WHAT THE EXERCISE ASKS – Every entry below should be reproduced exactly, with all pictures left out.
[DATASET RECORDS — start]
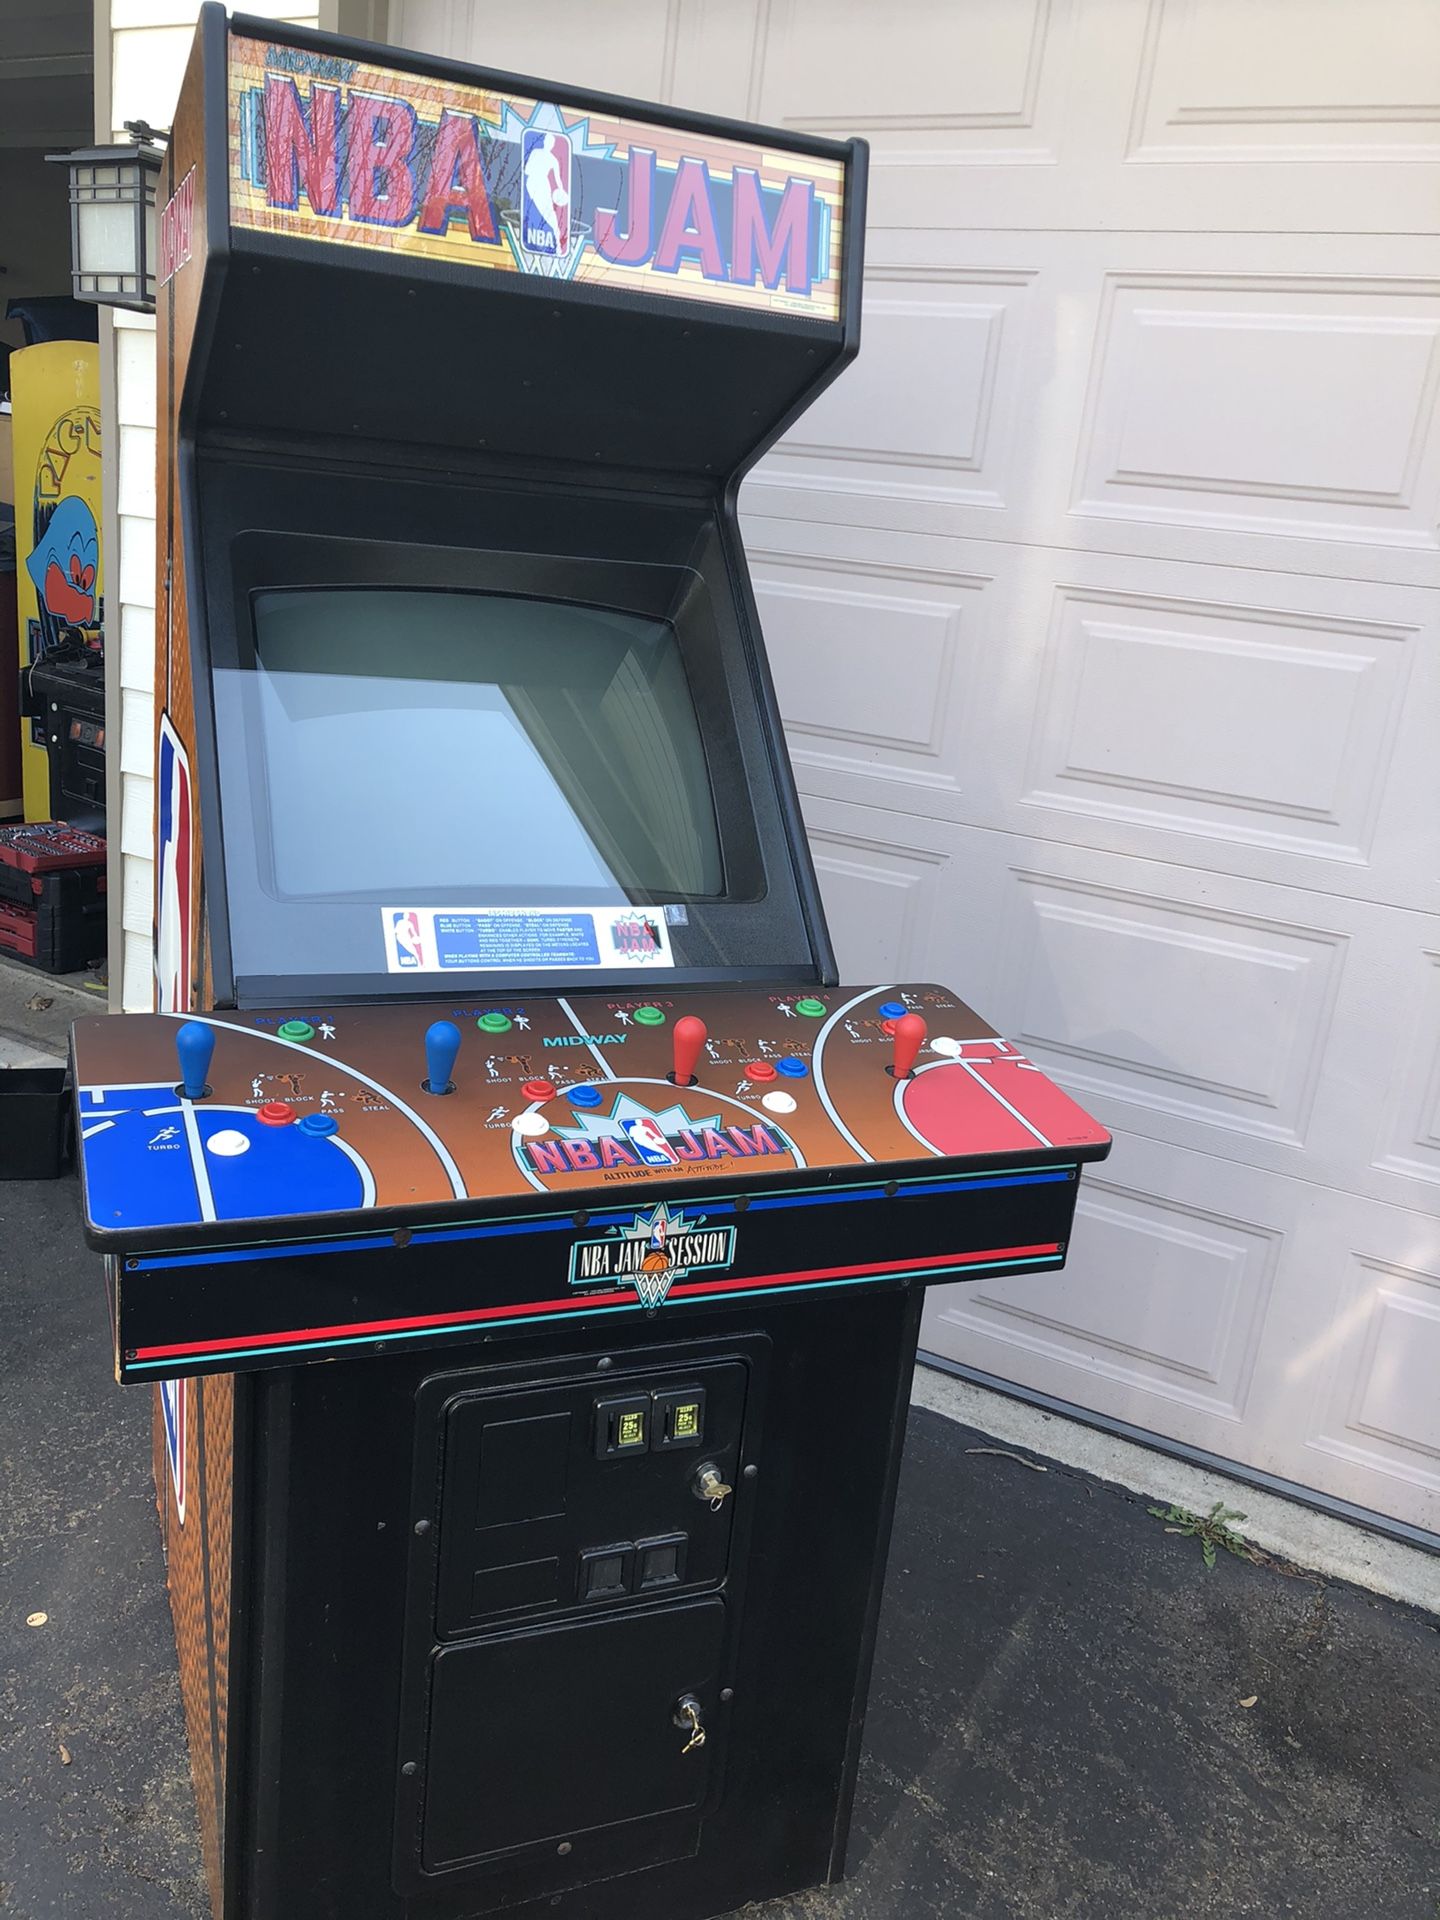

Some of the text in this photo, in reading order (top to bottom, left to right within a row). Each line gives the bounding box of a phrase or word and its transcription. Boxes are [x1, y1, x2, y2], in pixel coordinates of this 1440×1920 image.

[263, 71, 501, 246] NBA
[595, 144, 816, 296] JAM
[526, 227, 556, 249] NBA
[614, 921, 655, 937] NBA
[619, 937, 656, 953] JAM
[516, 1007, 526, 1015] 2
[607, 1000, 674, 1010] PLAYER 3
[328, 1014, 334, 1024] 1
[542, 1033, 628, 1048] MIDWAY
[284, 1095, 315, 1103] BLOCK
[736, 1093, 762, 1101] TURBO
[147, 1143, 181, 1152] TURBO
[525, 1124, 788, 1175] NBA JAM
[647, 1154, 669, 1164] NBA
[603, 1169, 652, 1181] ALTITUDE
[580, 1232, 728, 1278] NBA JAM SESSION
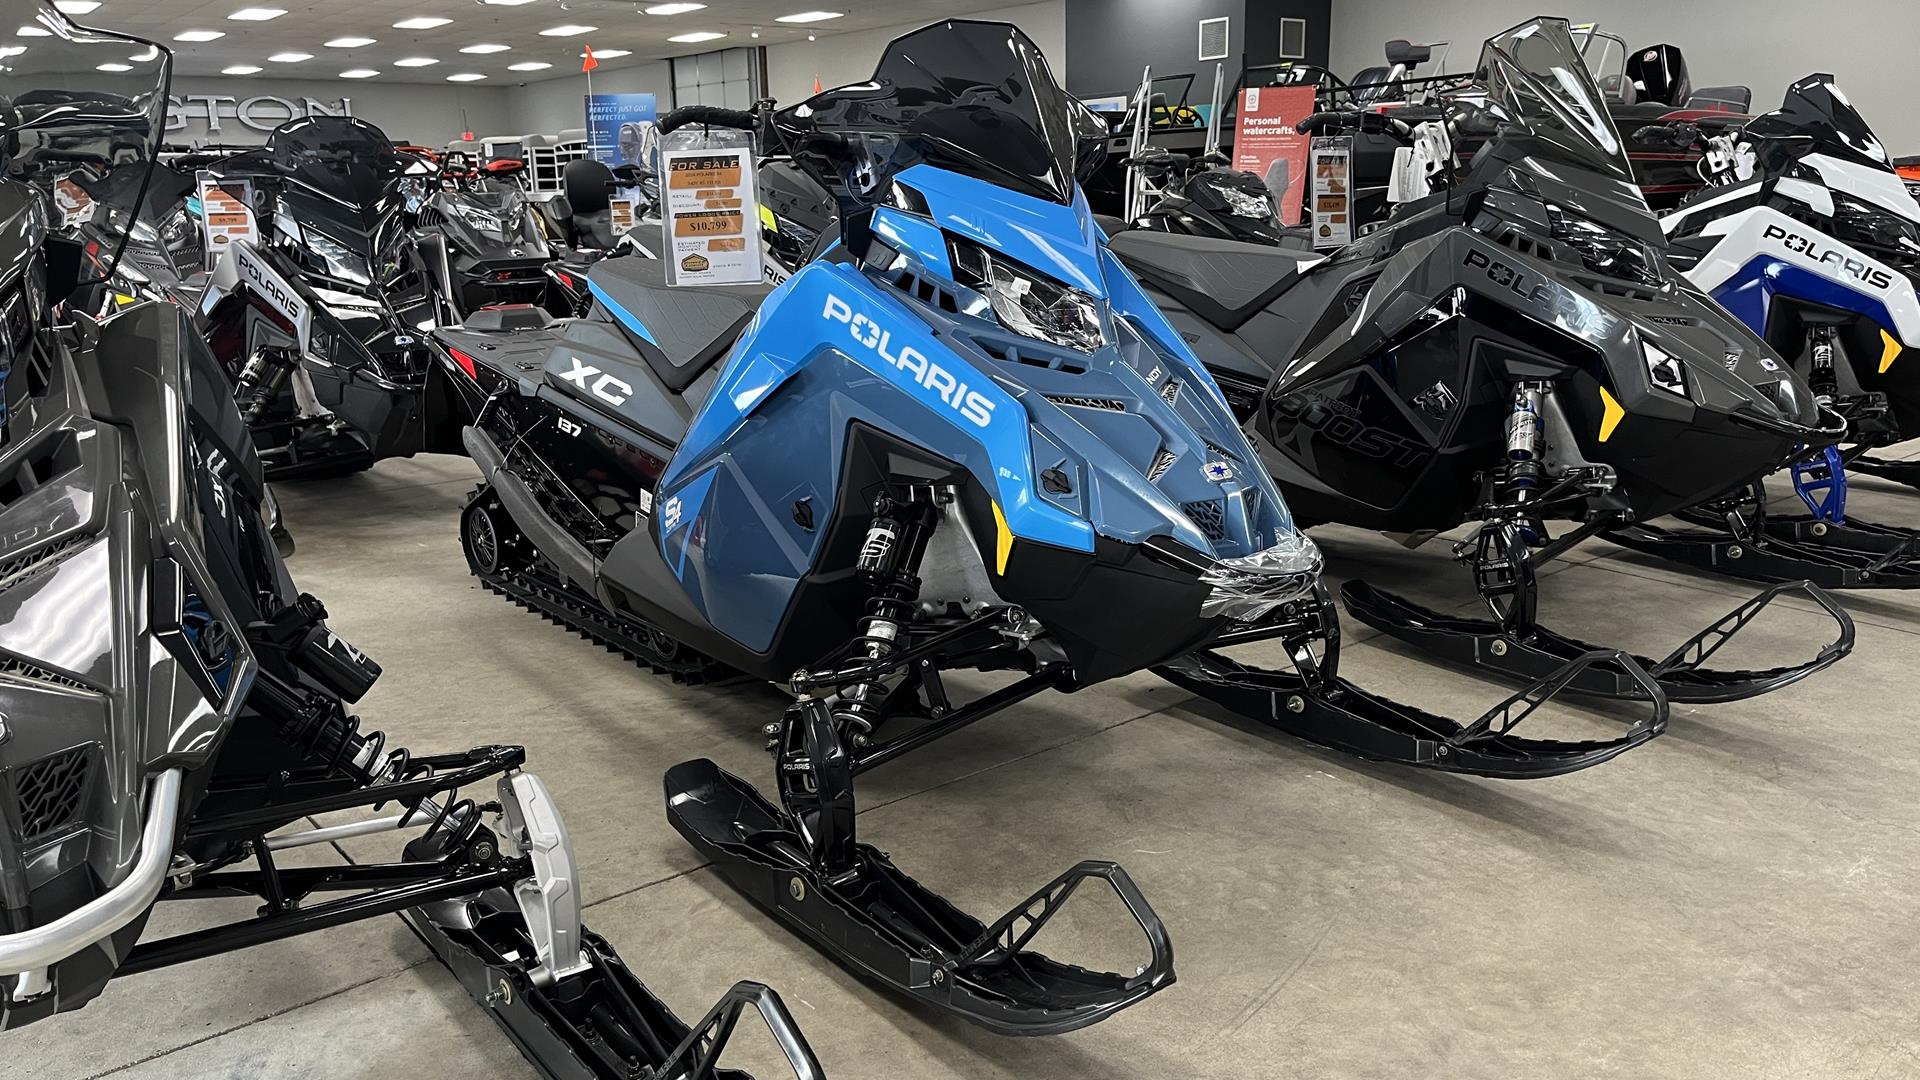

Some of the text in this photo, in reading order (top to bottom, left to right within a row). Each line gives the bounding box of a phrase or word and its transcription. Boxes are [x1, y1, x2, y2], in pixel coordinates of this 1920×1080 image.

[618, 105, 632, 113] JUST
[633, 104, 647, 112] GOT
[1244, 116, 1281, 125] Personal
[1243, 126, 1296, 136] watercrafts,
[670, 160, 739, 171] FOR SALE
[1763, 224, 1893, 290] POLARIS
[239, 254, 299, 318] POLARIS
[1463, 248, 1620, 340] POLARIS
[822, 292, 997, 428] POLARIS
[558, 356, 633, 407] XC
[558, 416, 582, 437] 137
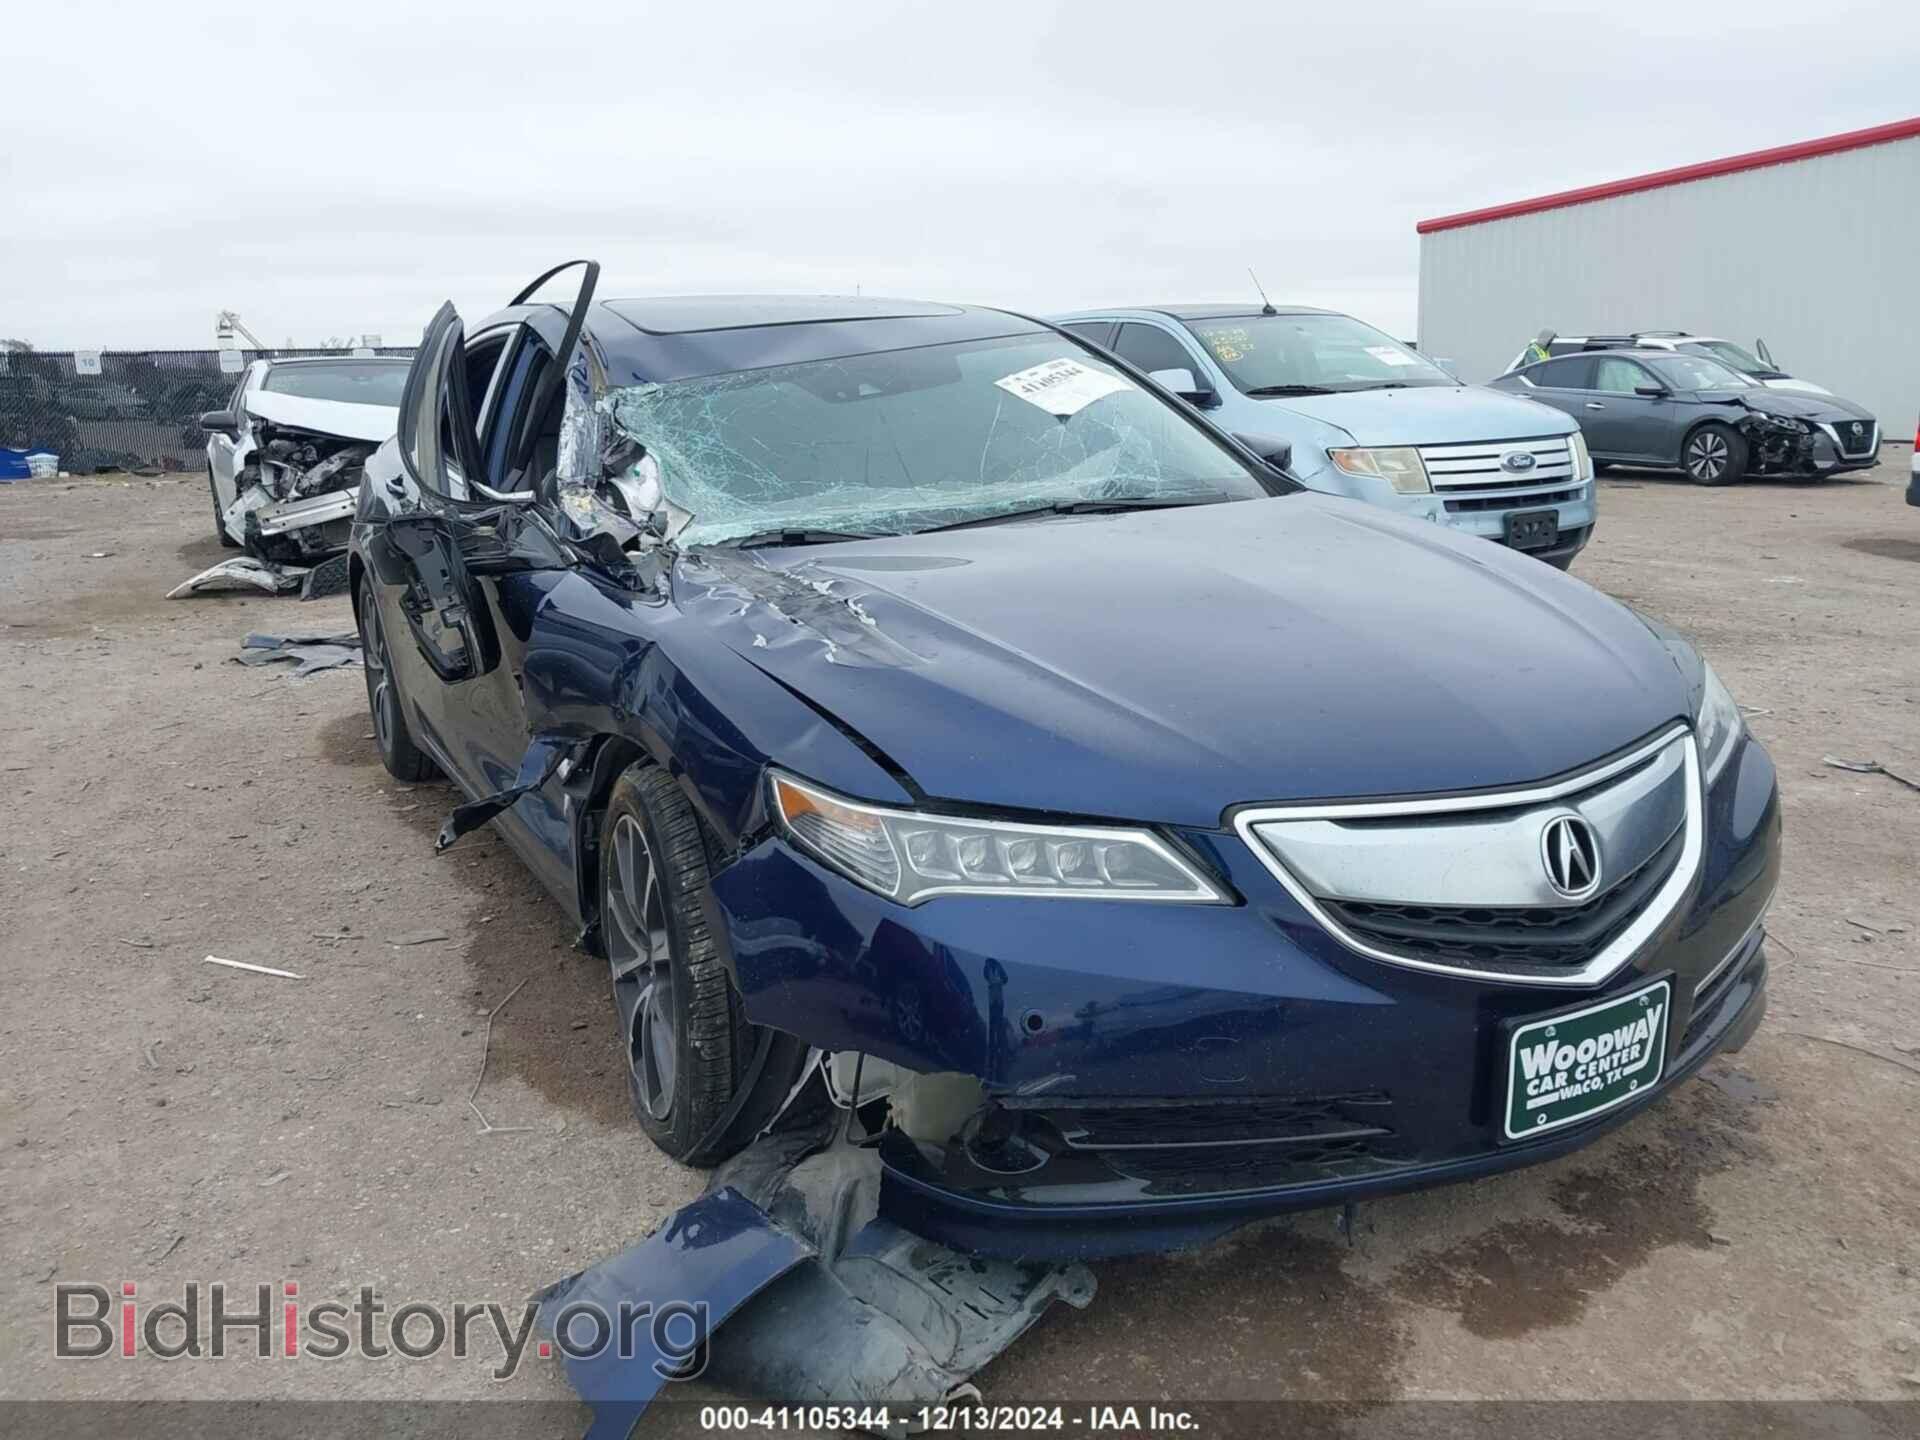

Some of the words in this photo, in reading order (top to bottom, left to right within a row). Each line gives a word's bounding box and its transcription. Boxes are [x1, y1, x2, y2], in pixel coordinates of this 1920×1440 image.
[DATASET RECORDS — finish]
SOLUTION TO THE EXERCISE –
Some of the text in this photo, in reading order (top to bottom, left to right within a row). Each line gives the bounding box of a phrase or word and its transcription. Boxes are [x1, y1, x2, y2], in pixel coordinates of this 1440×1920 image.

[263, 71, 501, 246] NBA
[595, 144, 816, 296] JAM
[526, 227, 556, 249] NBA
[614, 921, 655, 937] NBA
[619, 937, 656, 953] JAM
[516, 1007, 526, 1015] 2
[607, 1000, 674, 1010] PLAYER 3
[328, 1014, 334, 1024] 1
[542, 1033, 628, 1048] MIDWAY
[284, 1095, 315, 1103] BLOCK
[736, 1093, 762, 1101] TURBO
[147, 1143, 181, 1152] TURBO
[525, 1124, 788, 1175] NBA JAM
[647, 1154, 669, 1164] NBA
[603, 1169, 652, 1181] ALTITUDE
[580, 1232, 728, 1278] NBA JAM SESSION

Some of the text in this photo, in reading order (top to bottom, left to right within a row). Each line gives the bounding box of a phrase or word and its transcription. Boxes are [x1, y1, x2, y2], in pixel coordinates of this 1920×1080 image.

[618, 105, 632, 113] JUST
[633, 104, 647, 112] GOT
[1244, 116, 1281, 125] Personal
[1243, 126, 1296, 136] watercrafts,
[670, 160, 739, 171] FOR SALE
[1763, 224, 1893, 290] POLARIS
[239, 254, 299, 318] POLARIS
[1463, 248, 1620, 340] POLARIS
[822, 292, 997, 428] POLARIS
[558, 356, 633, 407] XC
[558, 416, 582, 437] 137

Some of the words in this photo, in reading order (top to bottom, left to right within a row). Each line gives a word's bounding box and its transcription. Boxes are [x1, y1, x2, y2], in pixel coordinates of this 1920×1440 image.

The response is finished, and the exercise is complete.